Essa é a situação caótica em que vive o TDAH (transtorno do déficit de atenção – hiperatividade).
Deu ontem, no Hoje (jornal da Rede Globo): pesquisa “fresquinha” publicada neste mês por um grupo de médicos brasileiros num dos periódicos de psiquiatria mais respeitados do planeta definiu a incidência mundial da doença: ± 5%. Pronto! Com pequenas variações, é este o número que nós devemos ter em mente: cerca de 5% das crianças devem estar sofrendo do transtorno (não deve ser chamado de doença) no mundo inteiro.
Dois pontos são mais doídos na polêmica: a rotulação das crianças (além disso, ao que parece, uma enormidade delas são inapropriadamente diagnosticadas como tendo o problema e outro tanto tem realmente o transtorno e são sub-medicadas) e o principal medicamento usado para o controle (o metilfenidato, a Ritalina ®, um psicoestimulante que, contrário ao efeito que dele se esperaria, modula o comportamento dos pequenos “agitados”): há poucos estudos de longo prazo sobre seus efeitos e muitos deles podem ser muito sérios (vão desde dependência e depressão a problemas cardíacos).

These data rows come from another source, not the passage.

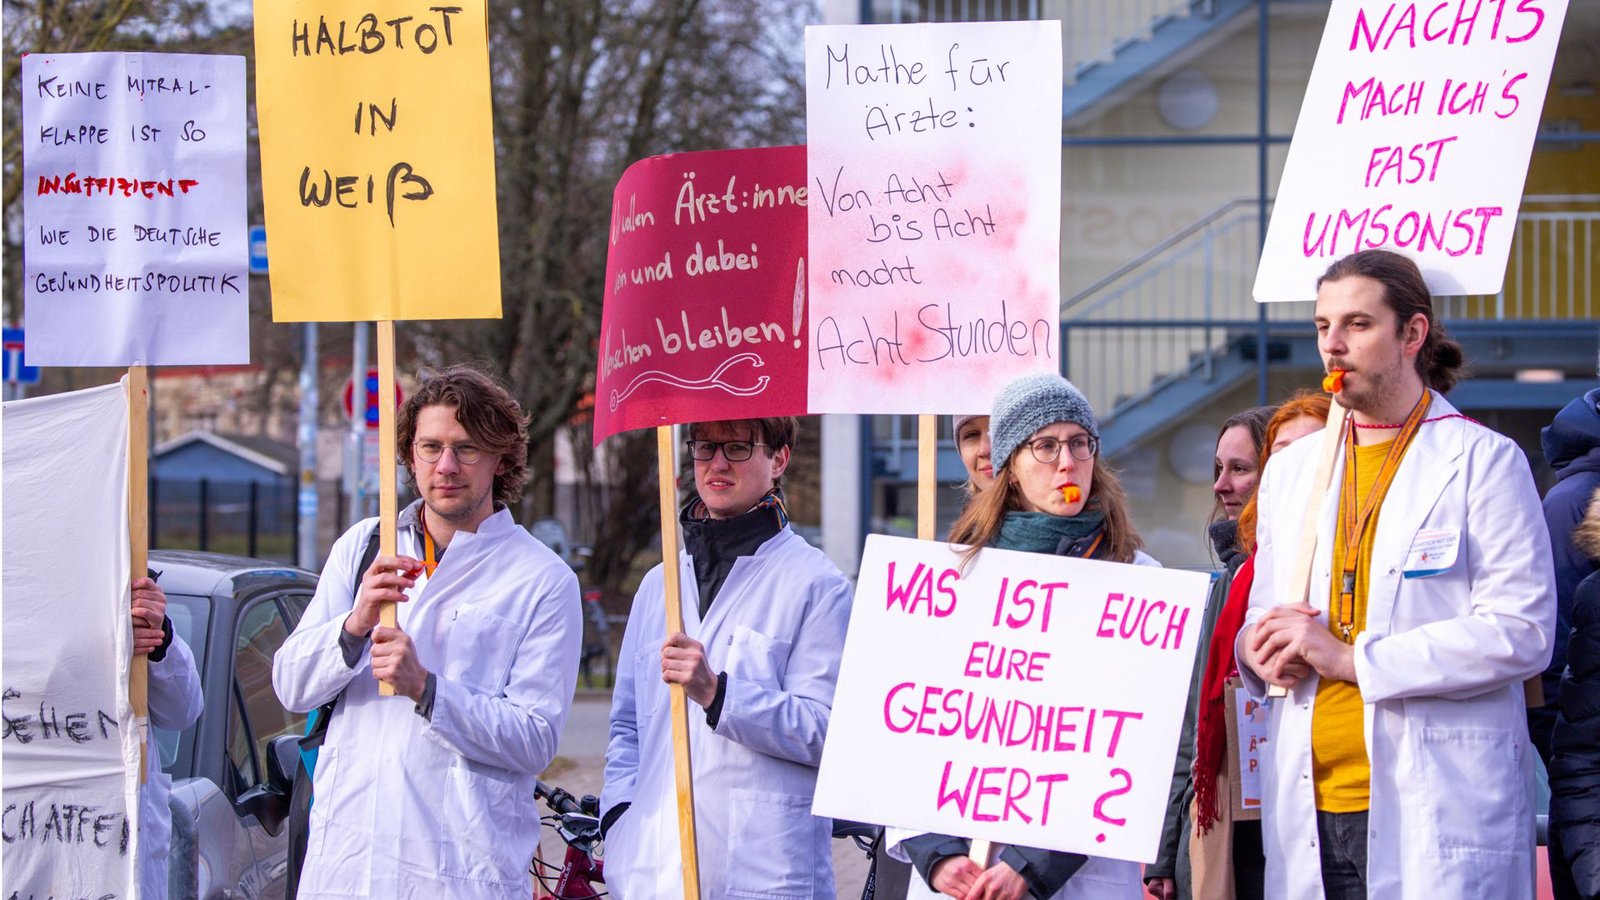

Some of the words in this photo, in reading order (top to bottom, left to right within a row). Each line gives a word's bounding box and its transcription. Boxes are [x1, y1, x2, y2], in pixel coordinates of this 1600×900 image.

[292, 6, 463, 57] HALBTOT
[1349, 0, 1545, 53] NACHTS
[38, 74, 108, 99] KEINE
[128, 75, 212, 96] MITRAL-
[826, 43, 927, 89] Mathe
[945, 43, 1010, 91] für
[354, 97, 397, 137] IN
[865, 98, 976, 140] Ärzte:
[1336, 76, 1425, 124] MACH
[40, 125, 109, 145] KLAPPE
[132, 125, 162, 143] IST
[181, 120, 206, 142] SO
[1365, 136, 1458, 187] FAST
[38, 173, 200, 199] INSUFFIZIENT
[675, 171, 808, 225] Ärzt:inne
[816, 166, 872, 217] Von
[884, 172, 953, 204] Acht
[40, 225, 70, 245] WIE
[88, 226, 117, 242] DIE
[134, 224, 221, 247] DEUTSCHE
[867, 214, 923, 242] bis
[934, 205, 997, 240] Acht
[1302, 204, 1503, 258] UMSONST
[35, 272, 240, 294] GESUNDHEITSPOLITIK
[631, 251, 673, 284] und
[686, 239, 758, 276] dabei
[831, 256, 923, 288] macht
[817, 311, 911, 370] Acht
[917, 300, 1052, 363] Stunden
[886, 561, 962, 618] WAS
[992, 577, 1069, 633] IST
[1096, 593, 1190, 650] EUCH
[964, 641, 1051, 682] EURE
[883, 682, 1144, 758] GESUNDHEIT
[937, 761, 1069, 826] WERT
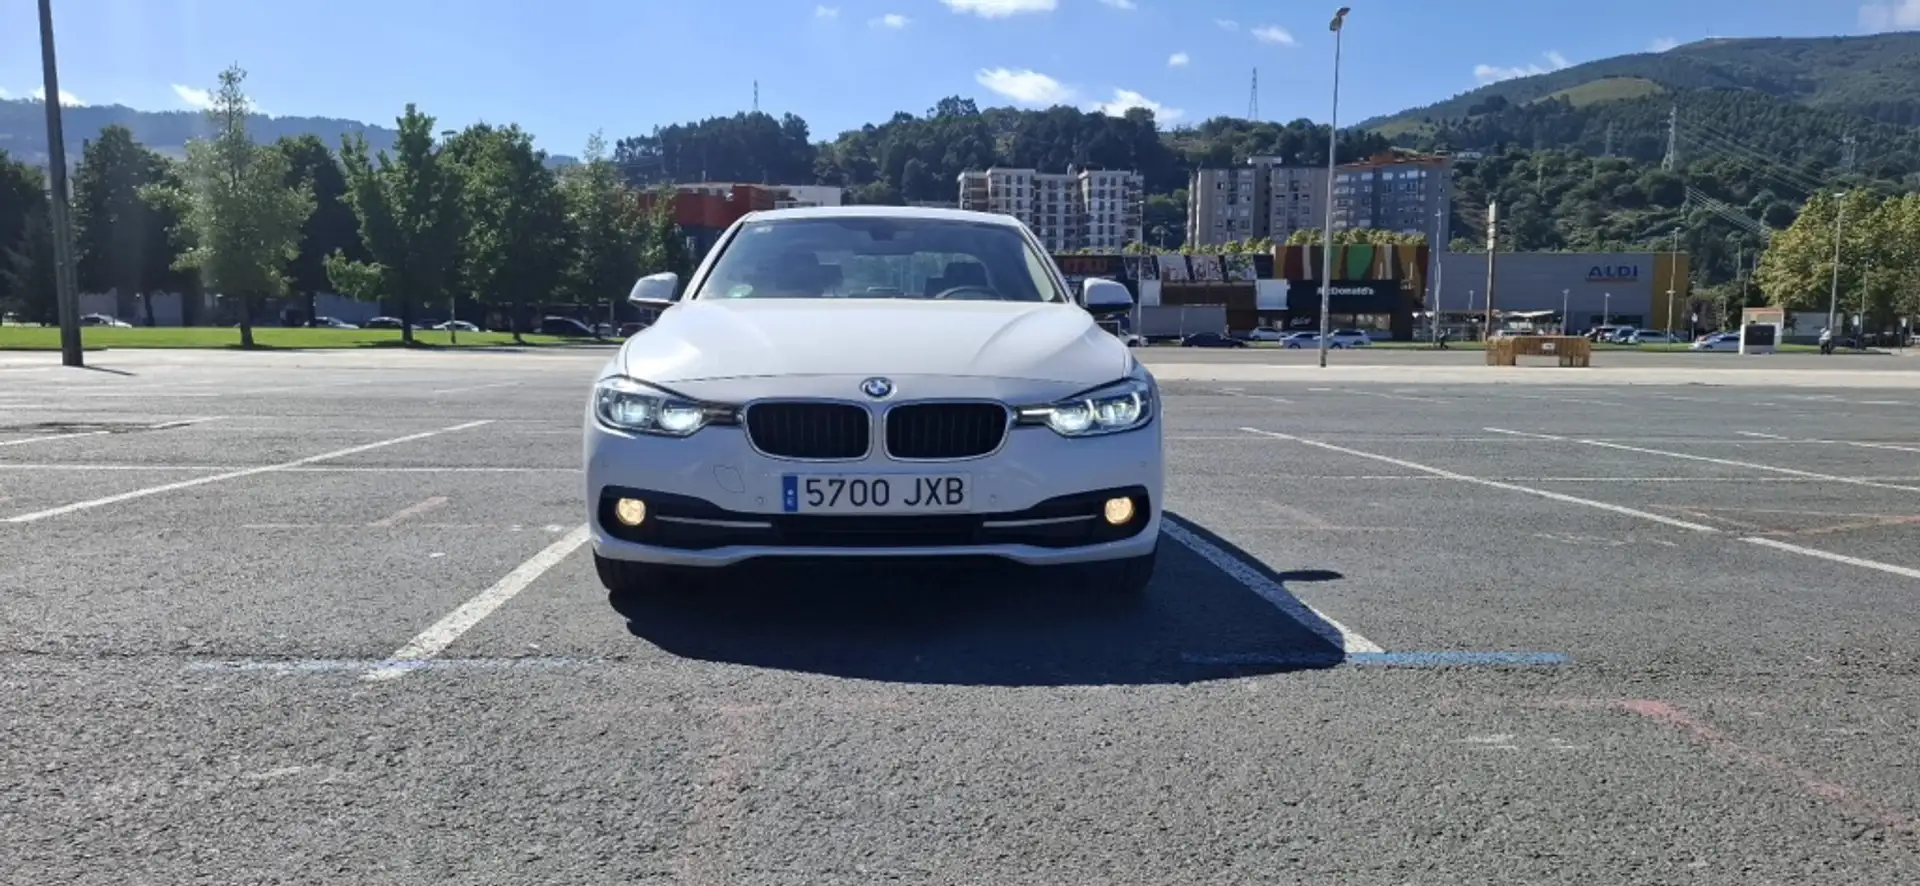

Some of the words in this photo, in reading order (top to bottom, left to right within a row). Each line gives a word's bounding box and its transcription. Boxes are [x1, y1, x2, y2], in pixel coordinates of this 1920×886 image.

[1589, 265, 1638, 277] ALDI
[805, 479, 890, 507] 5700
[903, 477, 964, 507] JXB

Então, o que interessa mesmo na área da Pediatria é o correto encaminhamento dos casos suspeitos e o aconselhamento no caso das crianças apenas ativas (embora nós, assim como os pais, nos damos o direito de dar pitacos quando percebemos exageros por parte dos psiquiatras, claro).

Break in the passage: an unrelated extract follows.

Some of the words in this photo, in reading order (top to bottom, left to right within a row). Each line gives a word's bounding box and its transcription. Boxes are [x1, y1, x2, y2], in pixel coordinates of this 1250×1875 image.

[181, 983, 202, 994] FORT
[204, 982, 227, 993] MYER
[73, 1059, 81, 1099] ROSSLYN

*Diz-se, em muitas das inúmeras biografias de Kurt Cobain, que ele deve sua trágica trajetória – que culminou com seu suicídio aos 27 anos – ao efeito da Ritalina (iniciada aos 7 anos), o que certamente é, pelo menos, um exagero. Esquece-se aí da genética, da infância insegura, das dúvidas sobre sua sexualidade, da relação tempestuosa de seus pais, do casamento mais tempestuoso ainda com a “roqueira” Courtney Love, das incertezas e angústias da sua carreira artística, etc, etc.

1 de junho de 2007

Reféns



Um filósofo cujo nome não me lembro agora disse que o fim da humanidade não vai ser devido a nenhuma nova guerra mundial, e sim devido às doenças mentais: nos transformaríamos todos em “loucos” de alguma forma.

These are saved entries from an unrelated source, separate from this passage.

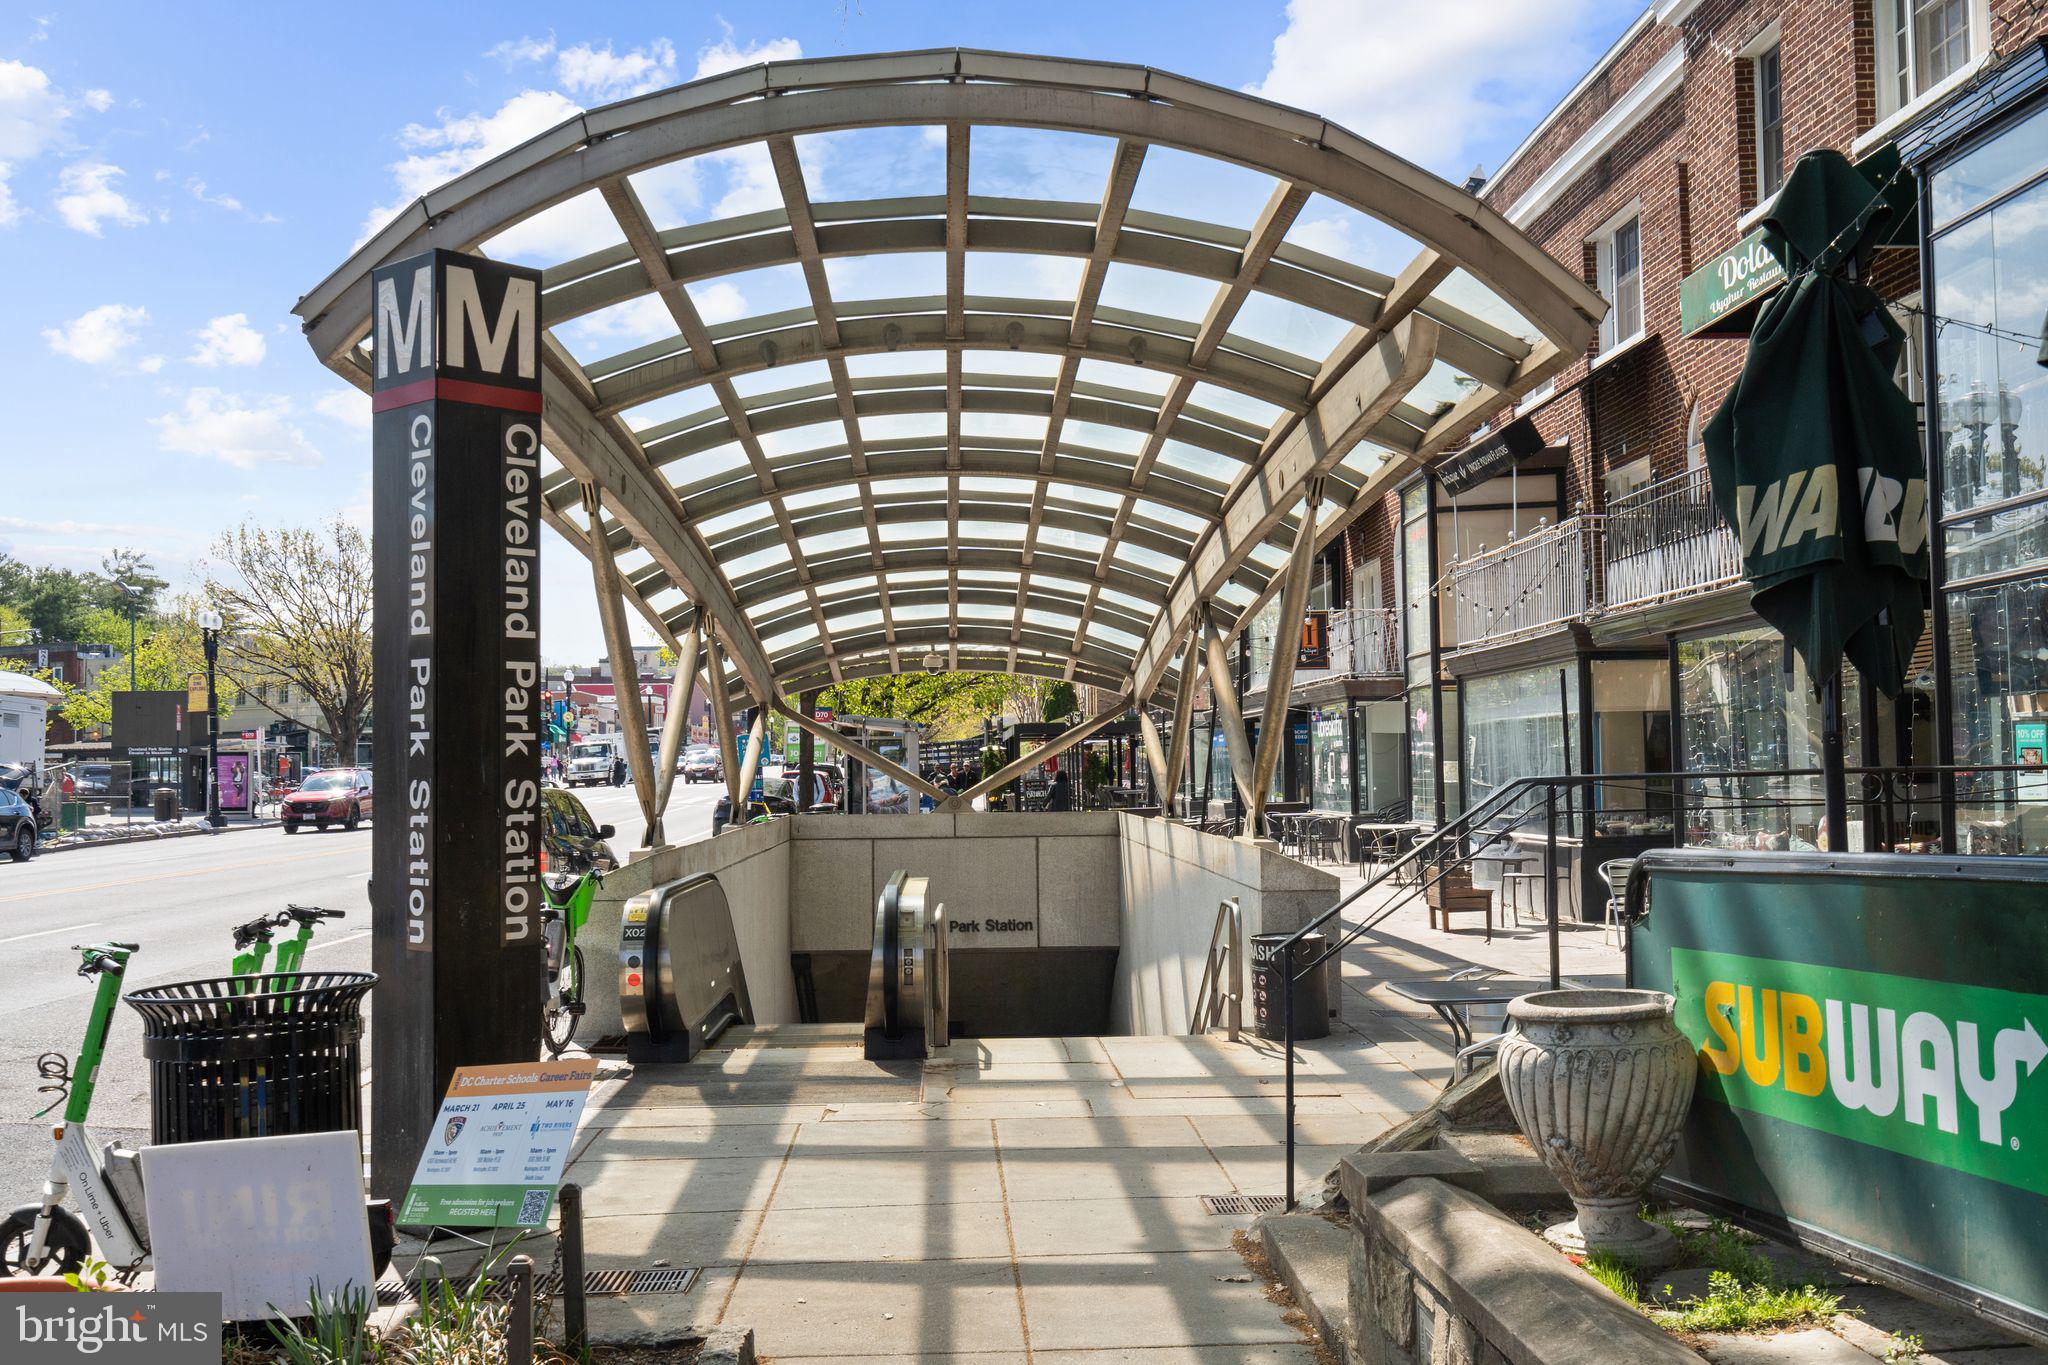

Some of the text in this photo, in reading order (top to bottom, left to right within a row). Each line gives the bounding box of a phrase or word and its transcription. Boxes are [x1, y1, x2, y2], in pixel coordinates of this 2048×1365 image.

[1718, 243, 1776, 290] Dola
[1747, 264, 1784, 291] Restau
[378, 265, 431, 379] M
[446, 264, 535, 379] M
[1737, 464, 1839, 559] WA
[409, 414, 432, 944] Cleveland Park Station
[505, 423, 538, 940] Cleveland Park Station
[2031, 729, 2044, 739] OFF
[949, 921, 980, 933] Park
[985, 919, 1033, 932] Station
[460, 1077, 474, 1087] DC
[474, 1075, 505, 1086] Charter
[506, 1073, 539, 1084] Schools
[540, 1072, 569, 1082] Career
[570, 1070, 592, 1080] Fairs
[1701, 980, 2048, 1146] SUBWAY
[492, 1102, 525, 1111] APRIL 25
[545, 1099, 574, 1108] MAY 16
[79, 1172, 89, 1188] On
[85, 1186, 99, 1210] Lime
[99, 1216, 114, 1240] Uber
[449, 1208, 479, 1216] REGISTER

Talvez não chegue a tanto. Até porque acredito na capacidade do ser humano de sair dos seus enroscos.
O fato é que realmente a incidência de doenças mentais parece aumentar a cada dia (exageros diagnósticos?).
Frequentemente quando uma pessoa se descobre deprimida, vem a pergunta: “Por que?”
Não existe, normalmente, um por quê. Existem vários:
O “porquê” genético (sempre ele, muito importante)*, o “porquê” social, “porquês” inclusive climáticos (é sabido que em climas muito frios, fechados, há maior incidência de estados depressivos) e os “porquês” cognitivos (pensamentos recorrentes de tristeza, de menos valia) e comportamentais (ações de acordo com os tais pensamentos).
Nestes dois últimos (cognitivos – maneira de pensar – e comportamentais) é que as terapias atuam, com resultados que costumam ser muito interessantes, notadamente com a psicoterapia cognitiva-comportamental, ainda incipiente no nosso país. Infelizmente, porém, somos quase todos reféns de um sistema que privilegia a química (medicamentos, com uma indústria poderosíssima por detrás).

* Nesse primeiro caso (genético) estão muitas das depressões que hoje são chamadas de bioquímicas, em que alterações da bioquímica cerebral “jogam contra” os esforços do paciente para se sentir melhor. É nesses casos – basicamente – que não se pode abrir mão das medicações, além de outras formas de tratamento.